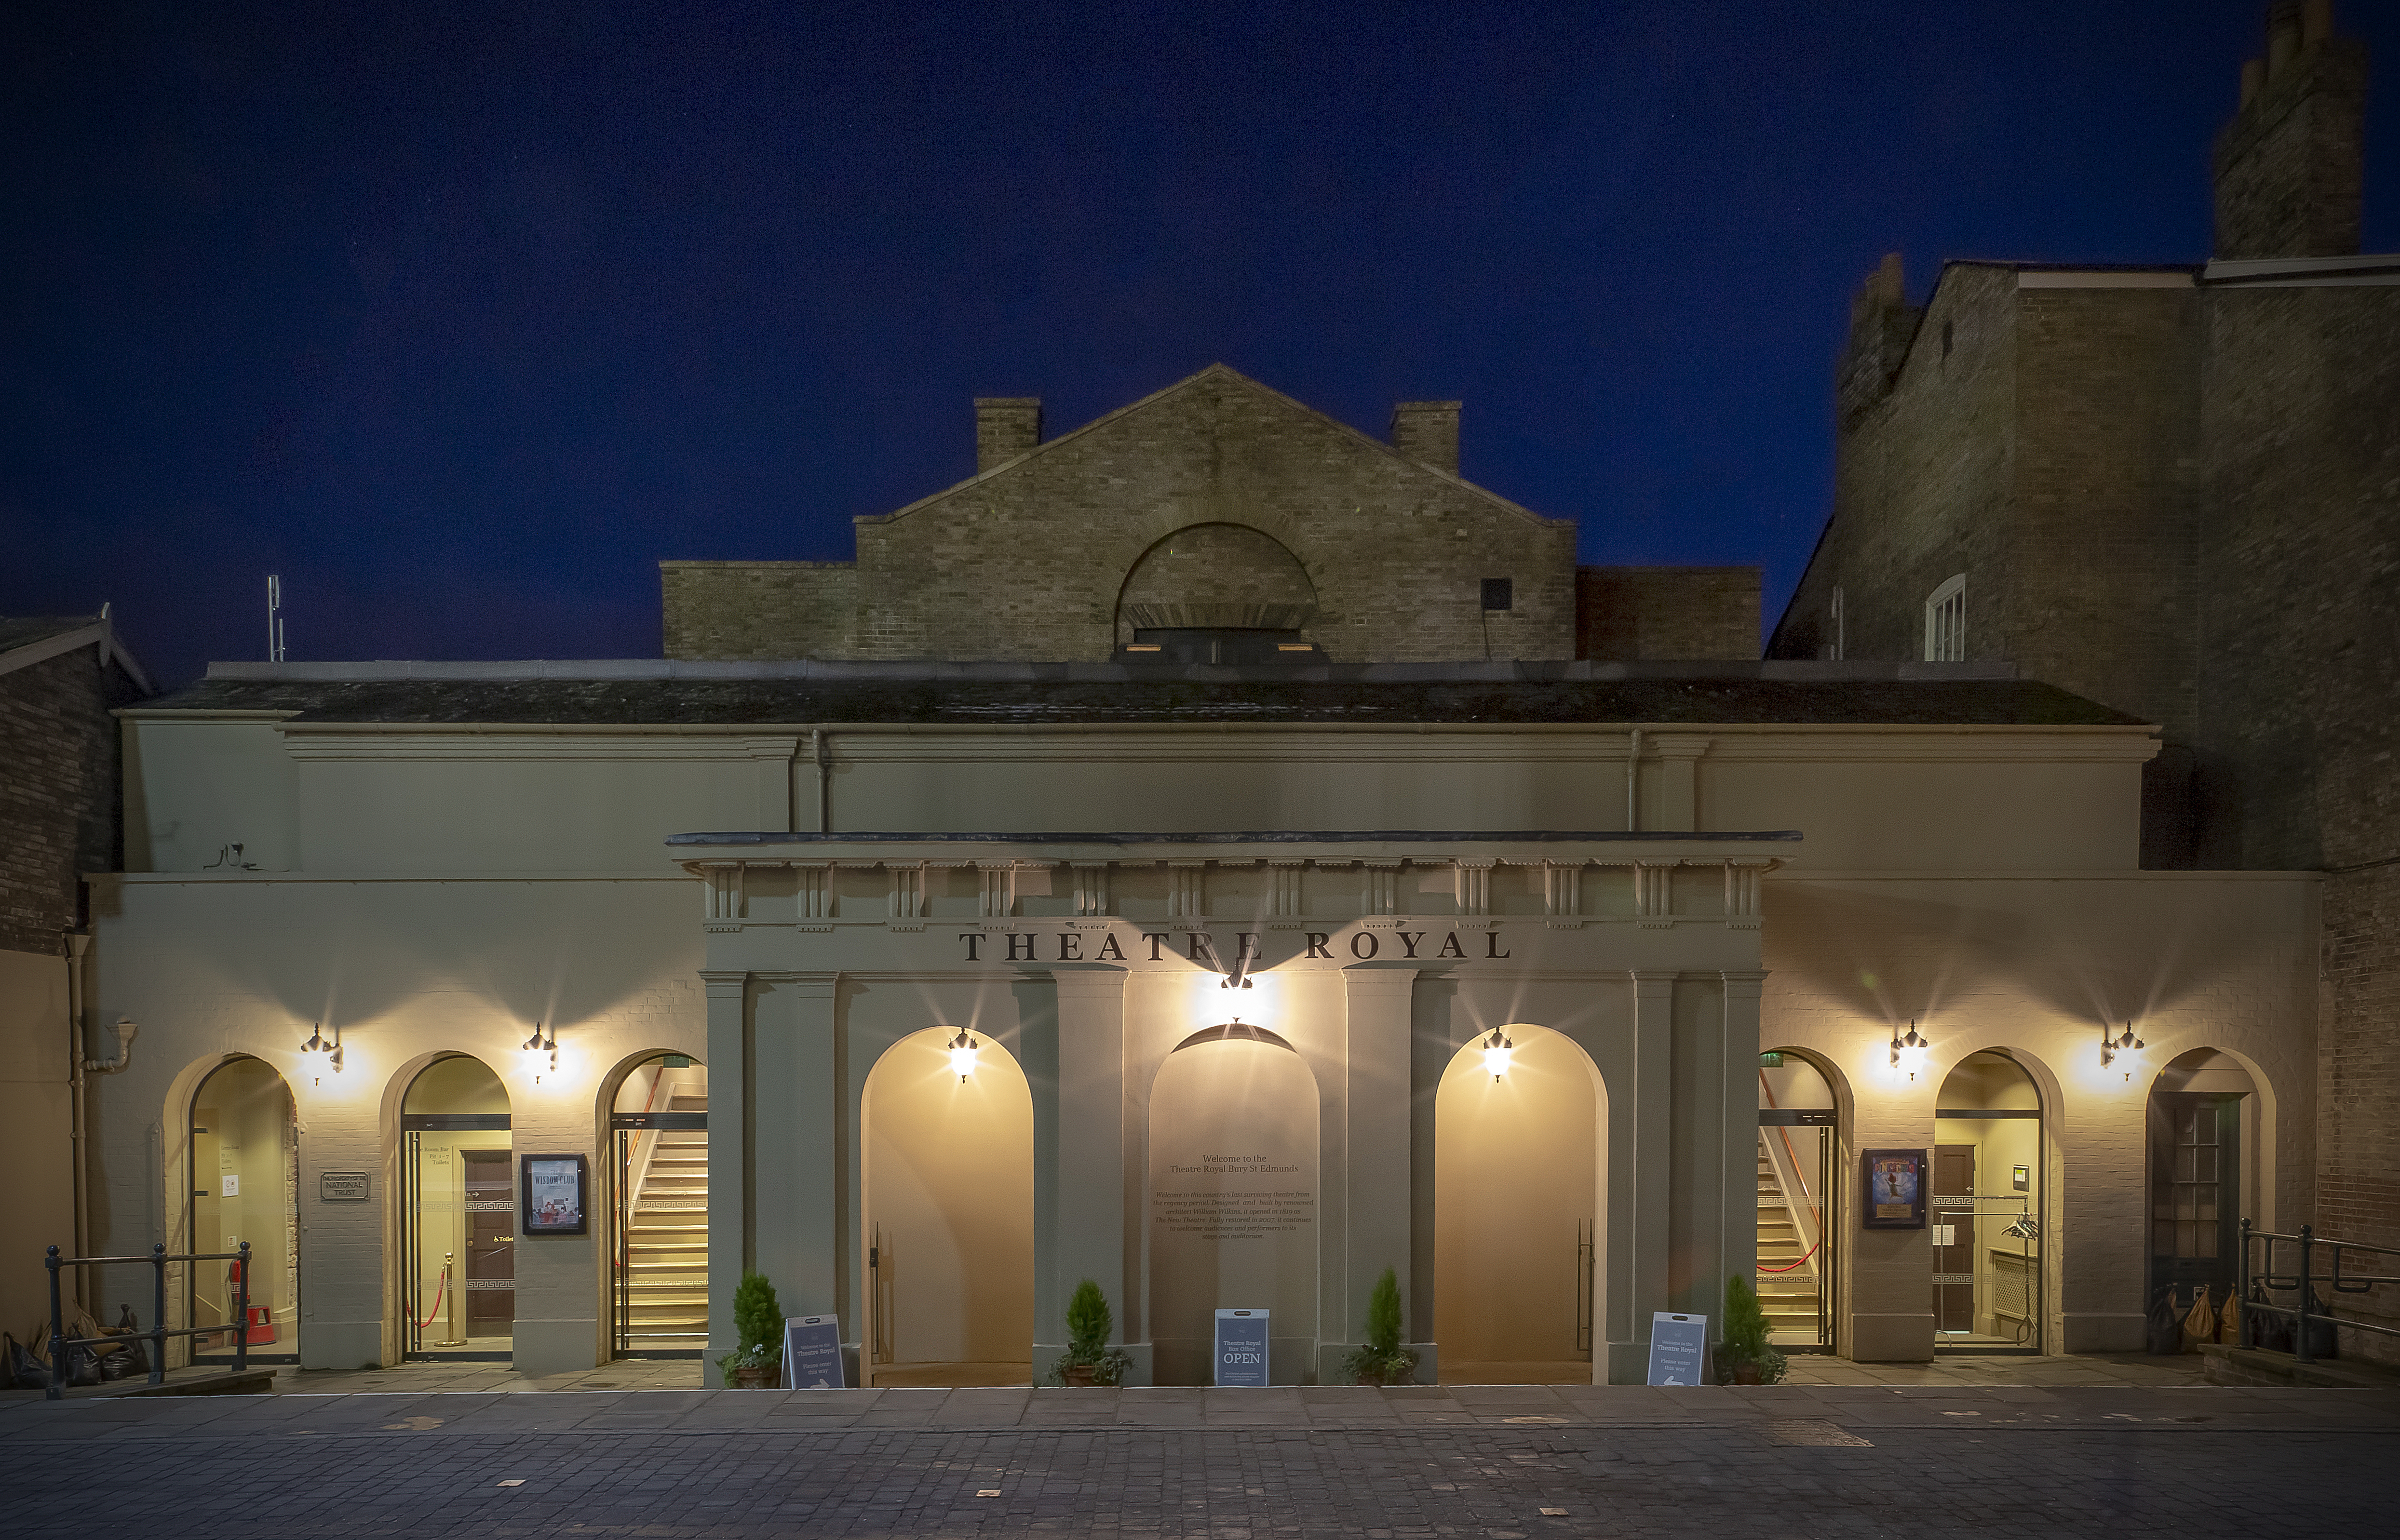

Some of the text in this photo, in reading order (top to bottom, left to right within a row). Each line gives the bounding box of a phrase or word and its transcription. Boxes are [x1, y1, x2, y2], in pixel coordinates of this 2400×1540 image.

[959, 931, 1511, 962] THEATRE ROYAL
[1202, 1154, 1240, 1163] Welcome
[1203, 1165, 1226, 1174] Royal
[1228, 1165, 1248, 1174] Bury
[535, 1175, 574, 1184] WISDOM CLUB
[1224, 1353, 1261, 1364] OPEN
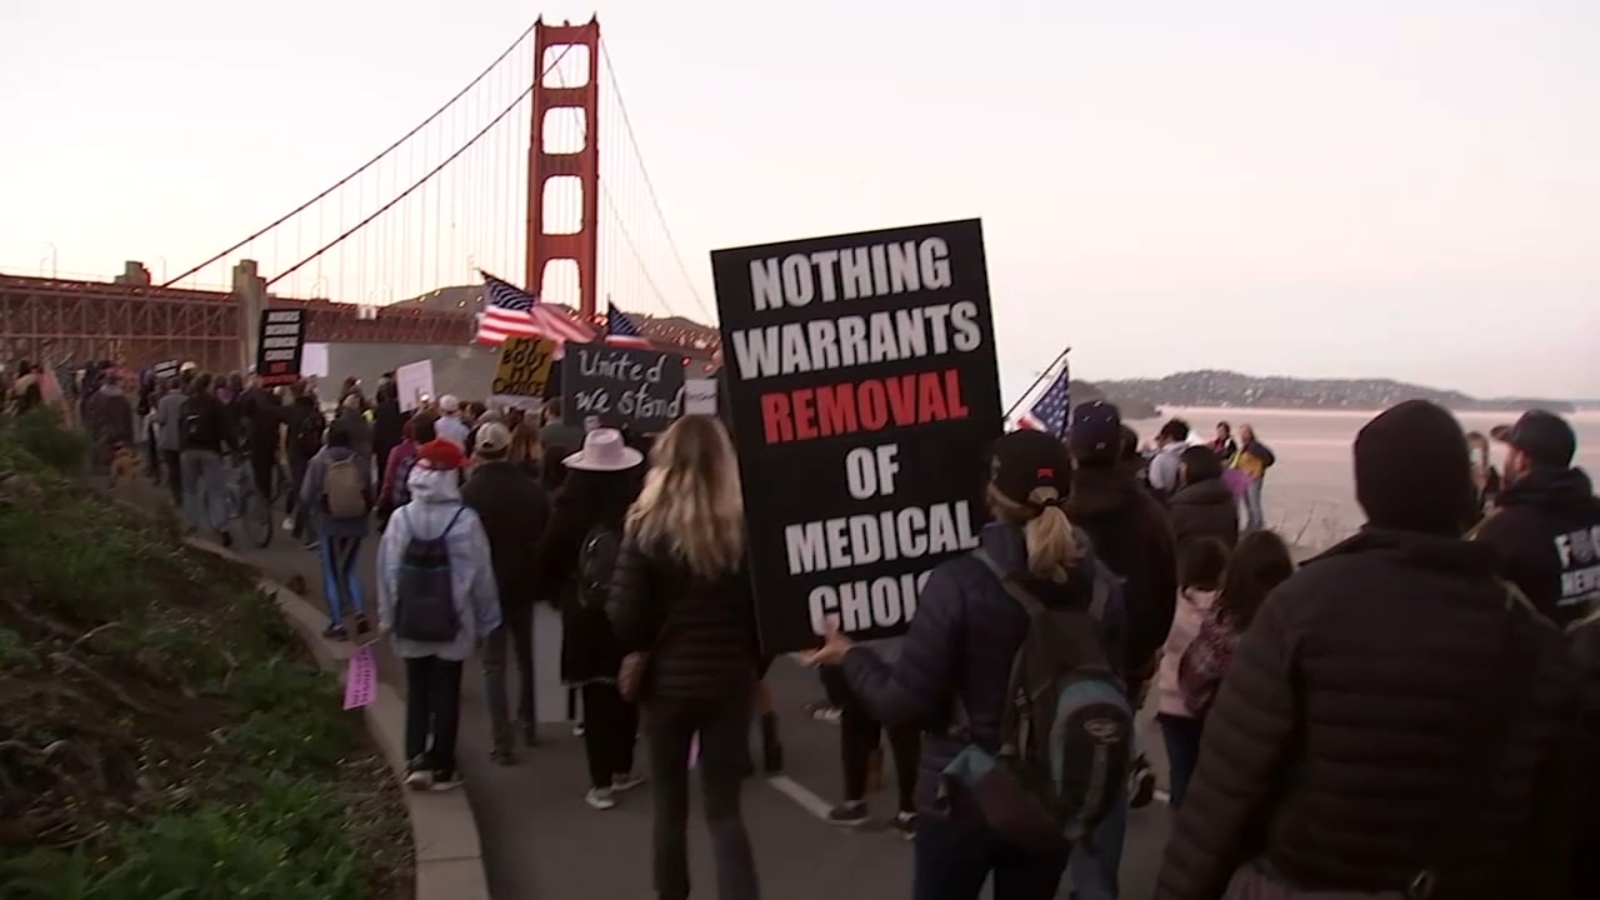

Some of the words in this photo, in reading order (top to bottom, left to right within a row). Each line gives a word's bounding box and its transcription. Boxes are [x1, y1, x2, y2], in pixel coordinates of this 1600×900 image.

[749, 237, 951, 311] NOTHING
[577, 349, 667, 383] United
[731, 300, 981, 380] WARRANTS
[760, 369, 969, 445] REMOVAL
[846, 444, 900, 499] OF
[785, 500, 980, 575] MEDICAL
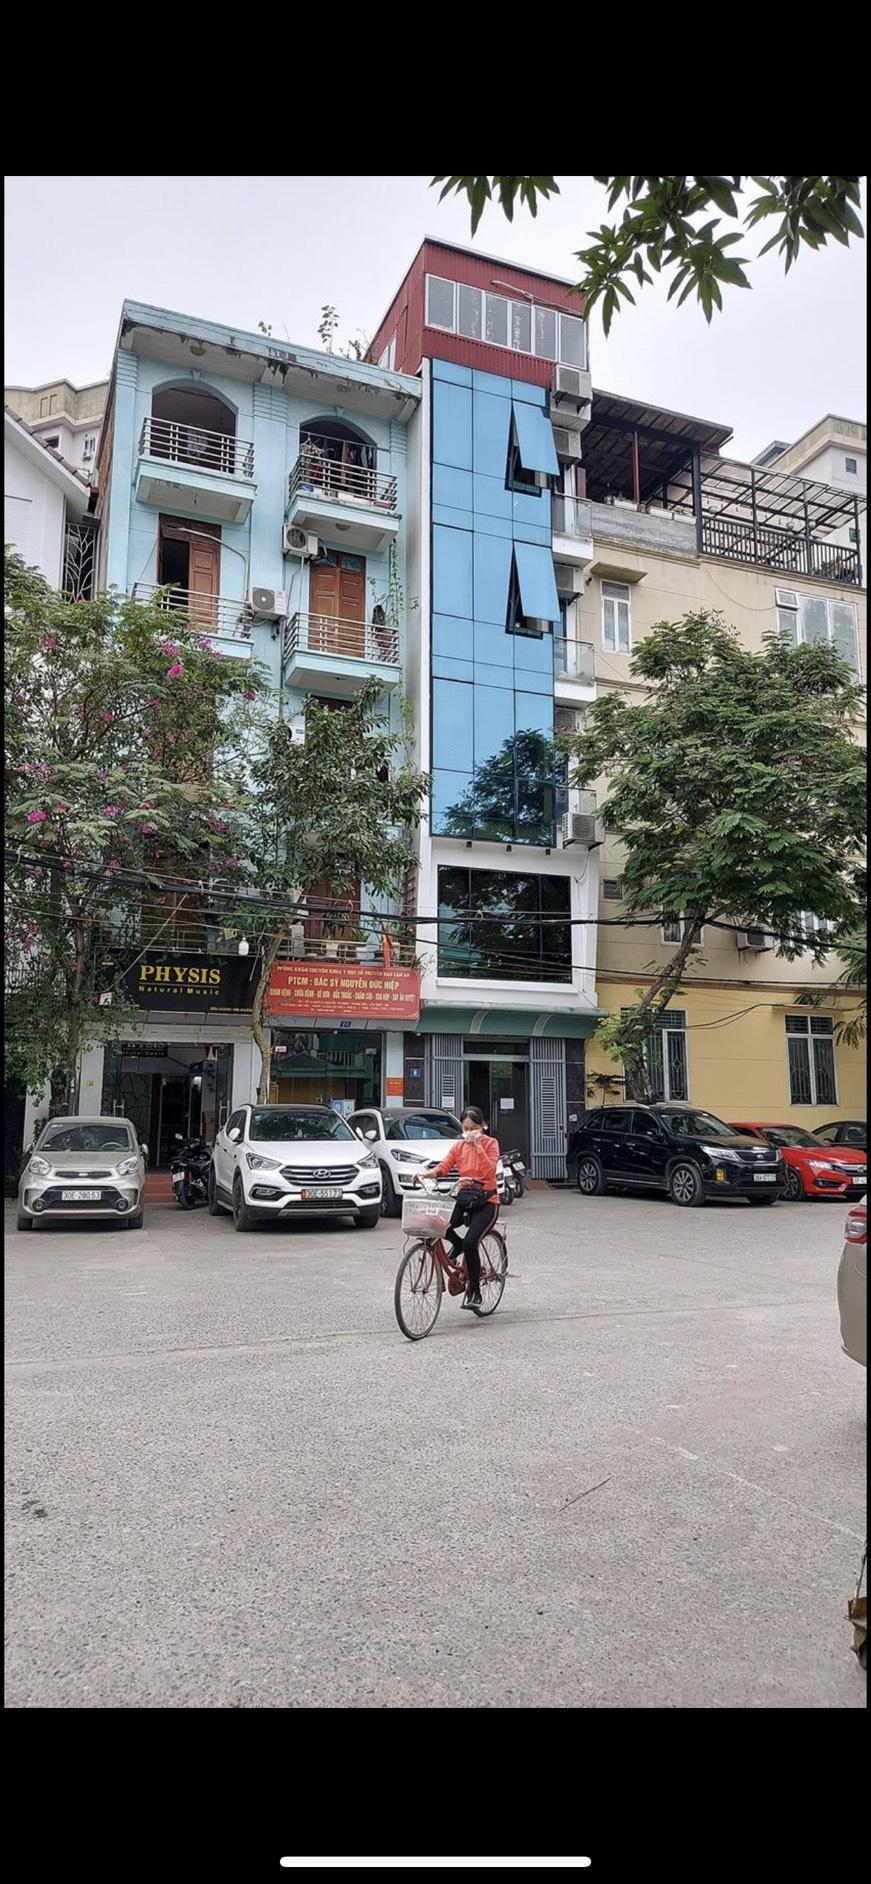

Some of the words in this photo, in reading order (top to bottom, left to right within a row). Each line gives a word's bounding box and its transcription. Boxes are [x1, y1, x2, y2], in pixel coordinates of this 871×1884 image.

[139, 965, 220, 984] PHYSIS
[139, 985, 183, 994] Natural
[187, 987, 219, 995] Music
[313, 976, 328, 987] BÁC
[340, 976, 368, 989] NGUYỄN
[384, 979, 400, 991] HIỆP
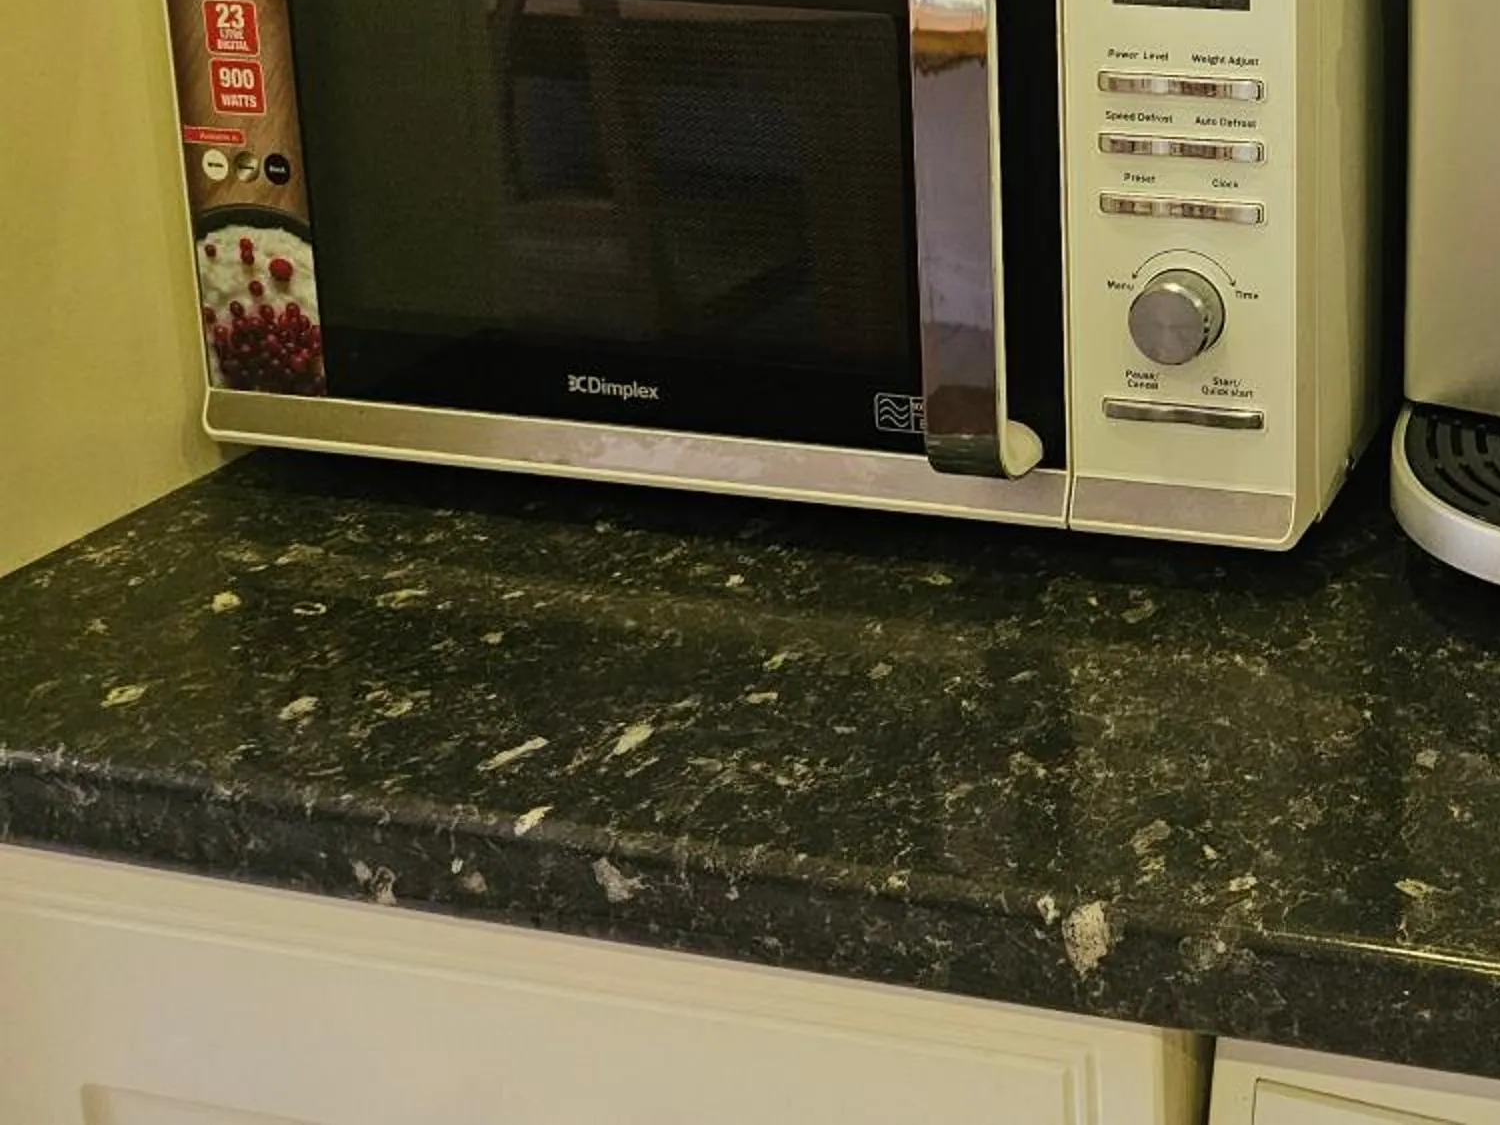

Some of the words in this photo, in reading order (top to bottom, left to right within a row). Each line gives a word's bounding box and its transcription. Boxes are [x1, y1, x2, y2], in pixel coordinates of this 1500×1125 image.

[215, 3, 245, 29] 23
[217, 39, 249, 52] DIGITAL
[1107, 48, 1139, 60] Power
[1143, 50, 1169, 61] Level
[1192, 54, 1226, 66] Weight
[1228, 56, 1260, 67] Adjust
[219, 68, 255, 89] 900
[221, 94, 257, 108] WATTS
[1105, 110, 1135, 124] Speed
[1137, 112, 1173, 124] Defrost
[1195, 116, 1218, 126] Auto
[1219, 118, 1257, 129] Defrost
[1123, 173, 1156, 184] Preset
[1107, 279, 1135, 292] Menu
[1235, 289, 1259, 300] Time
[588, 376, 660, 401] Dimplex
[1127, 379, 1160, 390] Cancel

==*==

> _WORK ORDER_: Using the records above, output their complete text exactly, minus any images.

> _TASK ANSWER_:
Some of the text in this photo, in reading order (top to bottom, left to right within a row). Each line gives the bounding box of a phrase or word and its transcription. Boxes are [x1, y1, x2, y2], in pixel coordinates of this 2400×1540 image.

[959, 931, 1511, 962] THEATRE ROYAL
[1202, 1154, 1240, 1163] Welcome
[1203, 1165, 1226, 1174] Royal
[1228, 1165, 1248, 1174] Bury
[535, 1175, 574, 1184] WISDOM CLUB
[1224, 1353, 1261, 1364] OPEN

Some of the words in this photo, in reading order (top to bottom, left to right within a row). Each line gives a word's bounding box and its transcription. Boxes are [x1, y1, x2, y2], in pixel coordinates of this 1600×900 image.

[749, 237, 951, 311] NOTHING
[577, 349, 667, 383] United
[731, 300, 981, 380] WARRANTS
[760, 369, 969, 445] REMOVAL
[846, 444, 900, 499] OF
[785, 500, 980, 575] MEDICAL

Some of the words in this photo, in reading order (top to bottom, left to right within a row). Each line gives a word's bounding box and its transcription. Boxes are [x1, y1, x2, y2], in pixel coordinates of this 871×1884 image.

[139, 965, 220, 984] PHYSIS
[139, 985, 183, 994] Natural
[187, 987, 219, 995] Music
[313, 976, 328, 987] BÁC
[340, 976, 368, 989] NGUYỄN
[384, 979, 400, 991] HIỆP

Some of the words in this photo, in reading order (top to bottom, left to right within a row). Each line gives a word's bounding box and its transcription. Boxes are [x1, y1, x2, y2], in pixel coordinates of this 1500×1125 image.

[215, 3, 245, 29] 23
[217, 39, 249, 52] DIGITAL
[1107, 48, 1139, 60] Power
[1143, 50, 1169, 61] Level
[1192, 54, 1226, 66] Weight
[1228, 56, 1260, 67] Adjust
[219, 68, 255, 89] 900
[221, 94, 257, 108] WATTS
[1105, 110, 1135, 124] Speed
[1137, 112, 1173, 124] Defrost
[1195, 116, 1218, 126] Auto
[1219, 118, 1257, 129] Defrost
[1123, 173, 1156, 184] Preset
[1107, 279, 1135, 292] Menu
[1235, 289, 1259, 300] Time
[588, 376, 660, 401] Dimplex
[1127, 379, 1160, 390] Cancel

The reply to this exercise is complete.